:: Input ::

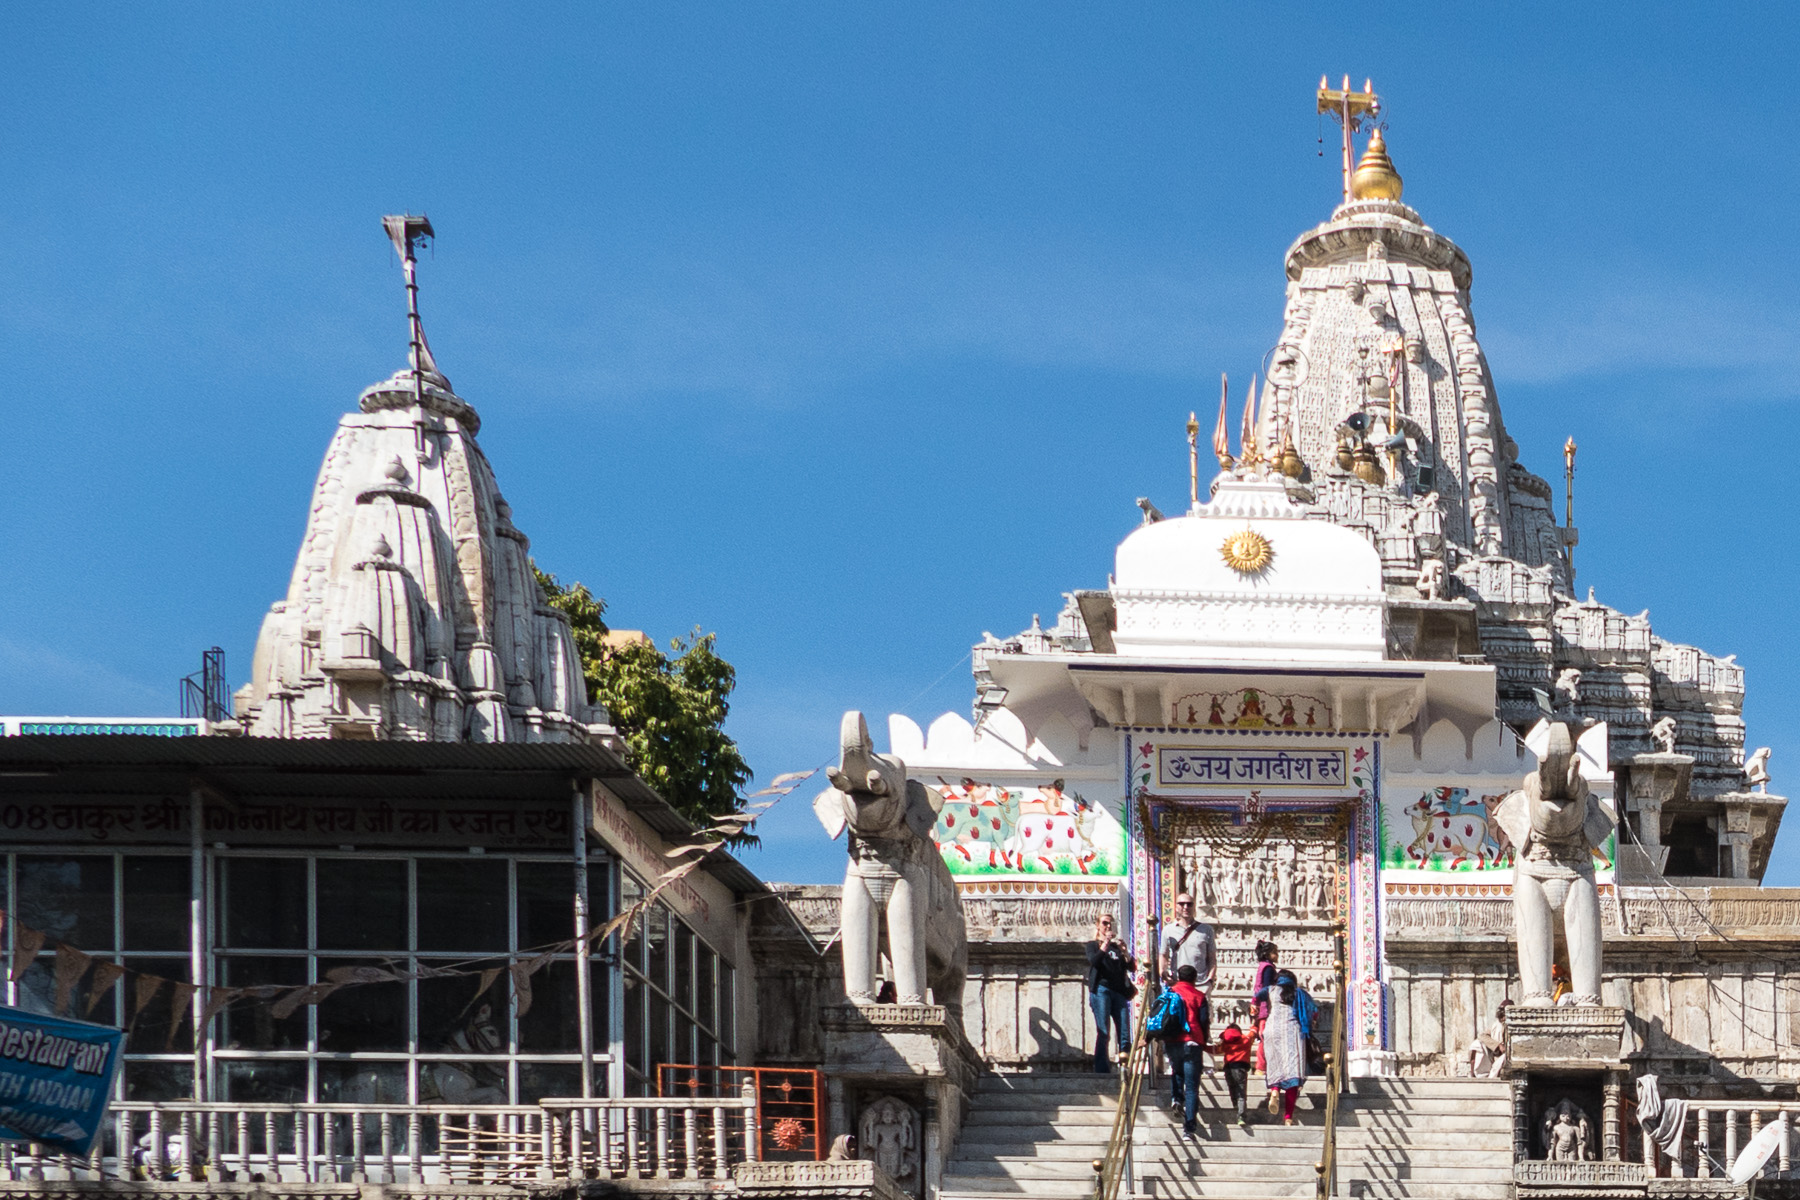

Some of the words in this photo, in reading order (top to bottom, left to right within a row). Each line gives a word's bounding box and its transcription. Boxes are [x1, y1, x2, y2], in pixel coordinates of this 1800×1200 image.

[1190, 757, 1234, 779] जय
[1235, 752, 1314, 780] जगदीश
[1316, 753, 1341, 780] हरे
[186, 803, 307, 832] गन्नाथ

:::

Set the material above down again word for word. Include none of its pictures.

> Written reply:
Some of the words in this photo, in reading order (top to bottom, left to right within a row). Each line gives a word's bounding box and its transcription. Boxes are [x1, y1, x2, y2], in pixel coordinates of this 1800×1200 image.

[1190, 757, 1234, 779] जय
[1235, 752, 1314, 780] जगदीश
[1316, 753, 1341, 780] हरे
[186, 803, 307, 832] गन्नाथ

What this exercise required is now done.